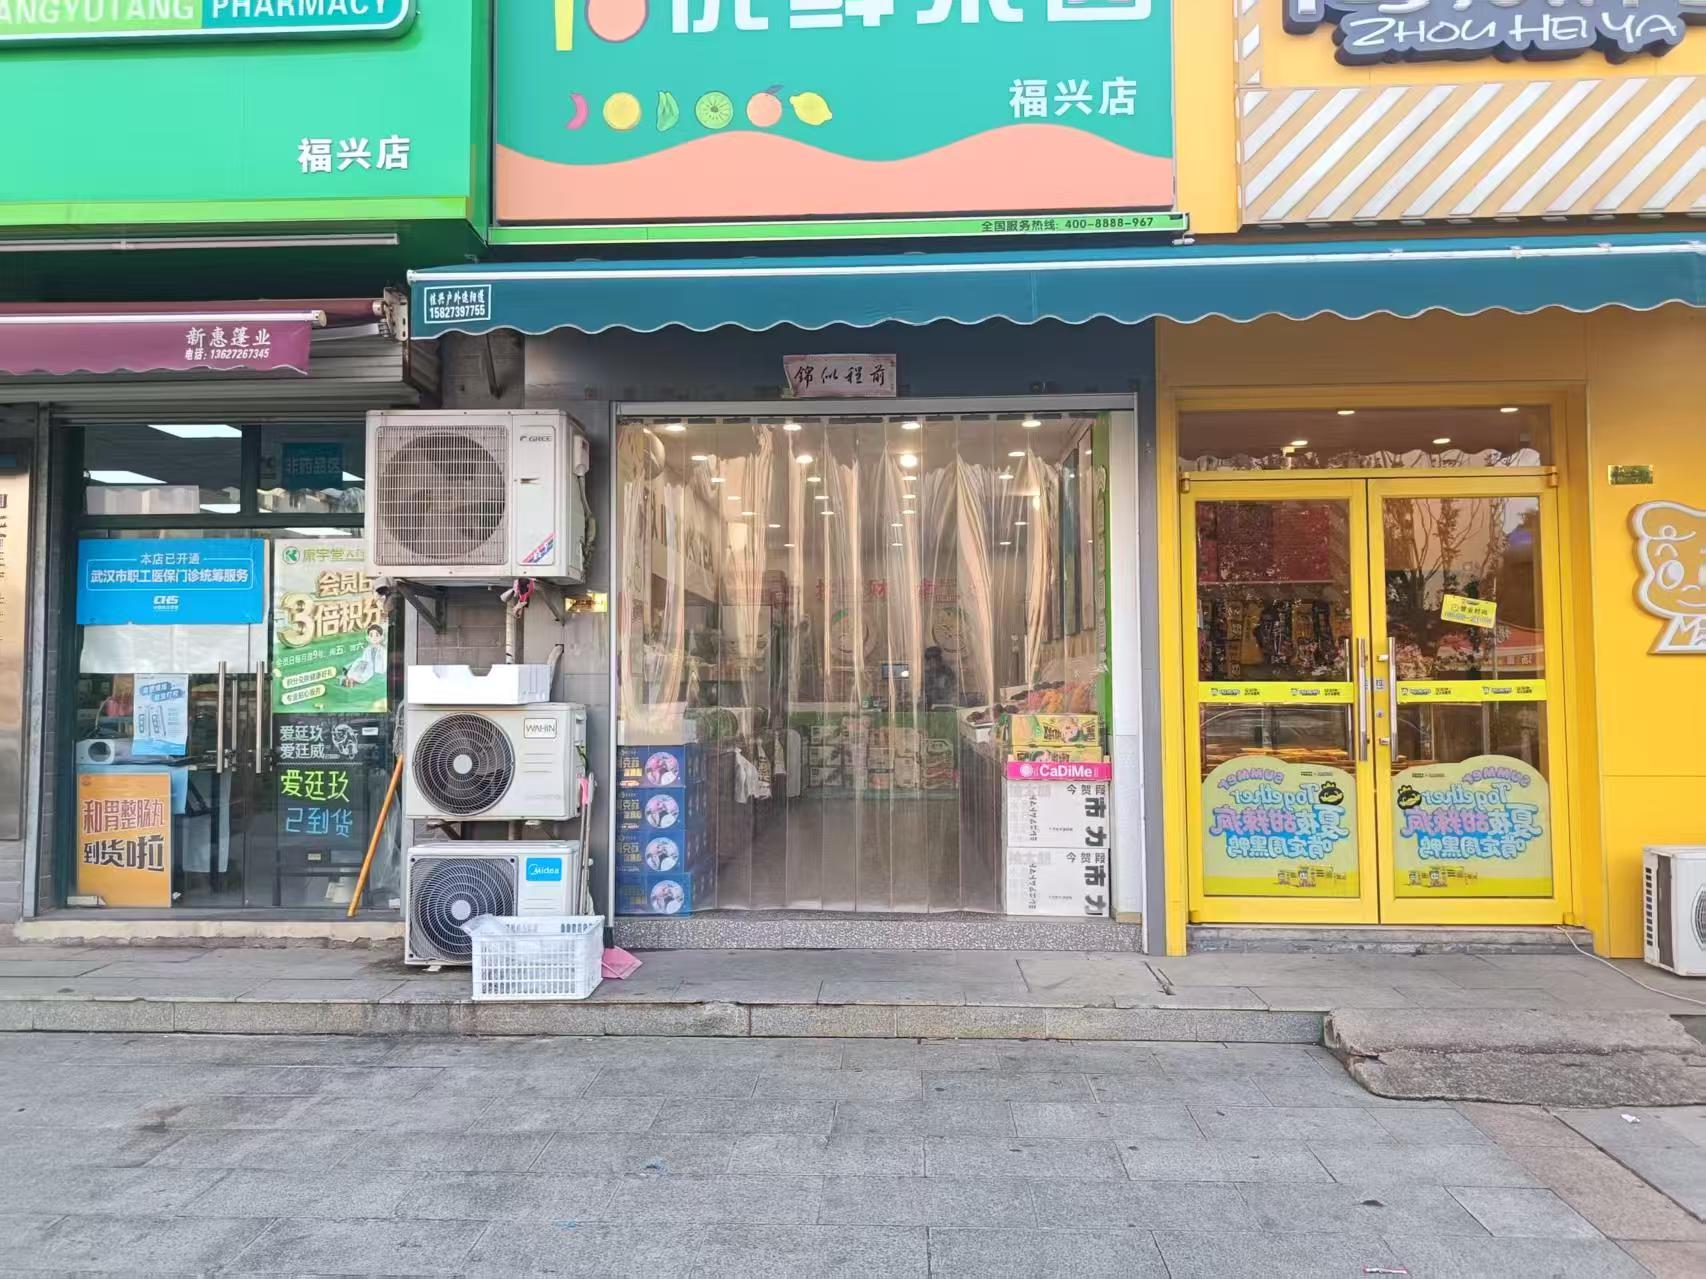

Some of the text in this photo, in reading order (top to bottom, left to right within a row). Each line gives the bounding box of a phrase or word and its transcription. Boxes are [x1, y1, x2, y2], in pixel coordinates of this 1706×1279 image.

[212, 0, 386, 18] PHARMACY
[1350, 12, 1677, 46] ZHOU HEI YA
[1008, 76, 1137, 118] 福兴店
[297, 135, 411, 173] 福兴店
[981, 217, 1153, 232] 全国服务热线: 400-8888-967
[429, 305, 486, 319] 15827397755
[210, 348, 270, 359] 13627267345
[140, 552, 200, 565] 本店已开通
[90, 568, 249, 584] 武汉市职工医保门诊统筹服务
[525, 723, 556, 733] WAHIN
[1039, 765, 1093, 778] CaDiMe
[83, 799, 165, 835] 和胃整肠丸
[83, 834, 165, 872] 到货啦
[533, 865, 560, 876] Midea

------------------------------------------------------------

§ Exercise brief
Repeat each line above exactly as it reads, omitting any pictures.

§ Written solution
Some of the text in this photo, in reading order (top to bottom, left to right within a row). Each line gives the bounding box of a phrase or word and its transcription. Boxes are [x1, y1, x2, y2], in pixel coordinates of this 1706×1279 image.

[212, 0, 386, 18] PHARMACY
[1350, 12, 1677, 46] ZHOU HEI YA
[1008, 76, 1137, 118] 福兴店
[297, 135, 411, 173] 福兴店
[981, 217, 1153, 232] 全国服务热线: 400-8888-967
[429, 305, 486, 319] 15827397755
[210, 348, 270, 359] 13627267345
[140, 552, 200, 565] 本店已开通
[90, 568, 249, 584] 武汉市职工医保门诊统筹服务
[525, 723, 556, 733] WAHIN
[1039, 765, 1093, 778] CaDiMe
[83, 799, 165, 835] 和胃整肠丸
[83, 834, 165, 872] 到货啦
[533, 865, 560, 876] Midea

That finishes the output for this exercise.